## Work item
Once you have read the data below, print all of it exactly.

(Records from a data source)
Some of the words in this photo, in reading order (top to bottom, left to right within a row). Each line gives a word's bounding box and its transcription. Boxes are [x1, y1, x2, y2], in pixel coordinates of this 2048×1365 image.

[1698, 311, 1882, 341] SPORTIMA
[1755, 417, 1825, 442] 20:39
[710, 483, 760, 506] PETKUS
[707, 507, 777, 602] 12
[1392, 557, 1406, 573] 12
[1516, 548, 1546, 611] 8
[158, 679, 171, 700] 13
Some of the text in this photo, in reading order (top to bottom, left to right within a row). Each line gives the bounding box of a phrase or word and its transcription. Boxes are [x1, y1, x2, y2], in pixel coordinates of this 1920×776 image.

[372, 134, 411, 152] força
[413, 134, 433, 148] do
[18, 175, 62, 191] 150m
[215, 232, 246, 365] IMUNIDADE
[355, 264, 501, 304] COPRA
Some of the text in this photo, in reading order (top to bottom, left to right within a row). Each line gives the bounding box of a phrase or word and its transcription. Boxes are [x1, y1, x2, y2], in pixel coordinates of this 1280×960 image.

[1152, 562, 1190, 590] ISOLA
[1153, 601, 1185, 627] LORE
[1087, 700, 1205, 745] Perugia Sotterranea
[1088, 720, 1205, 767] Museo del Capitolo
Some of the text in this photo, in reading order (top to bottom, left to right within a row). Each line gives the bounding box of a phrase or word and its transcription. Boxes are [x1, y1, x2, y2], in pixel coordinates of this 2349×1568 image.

## Output below
Some of the words in this photo, in reading order (top to bottom, left to right within a row). Each line gives a word's bounding box and its transcription. Boxes are [x1, y1, x2, y2], in pixel coordinates of this 2048×1365 image.

[1698, 311, 1882, 341] SPORTIMA
[1755, 417, 1825, 442] 20:39
[710, 483, 760, 506] PETKUS
[707, 507, 777, 602] 12
[1392, 557, 1406, 573] 12
[1516, 548, 1546, 611] 8
[158, 679, 171, 700] 13
Some of the text in this photo, in reading order (top to bottom, left to right within a row). Each line gives the bounding box of a phrase or word and its transcription. Boxes are [x1, y1, x2, y2], in pixel coordinates of this 1920×776 image.

[372, 134, 411, 152] força
[413, 134, 433, 148] do
[18, 175, 62, 191] 150m
[215, 232, 246, 365] IMUNIDADE
[355, 264, 501, 304] COPRA
Some of the text in this photo, in reading order (top to bottom, left to right within a row). Each line gives the bounding box of a phrase or word and its transcription. Boxes are [x1, y1, x2, y2], in pixel coordinates of this 1280×960 image.

[1152, 562, 1190, 590] ISOLA
[1153, 601, 1185, 627] LORE
[1087, 700, 1205, 745] Perugia Sotterranea
[1088, 720, 1205, 767] Museo del Capitolo
Some of the text in this photo, in reading order (top to bottom, left to right within a row). Each line gives the bounding box of a phrase or word and its transcription. Boxes are [x1, y1, x2, y2], in pixel coordinates of this 2349×1568 image.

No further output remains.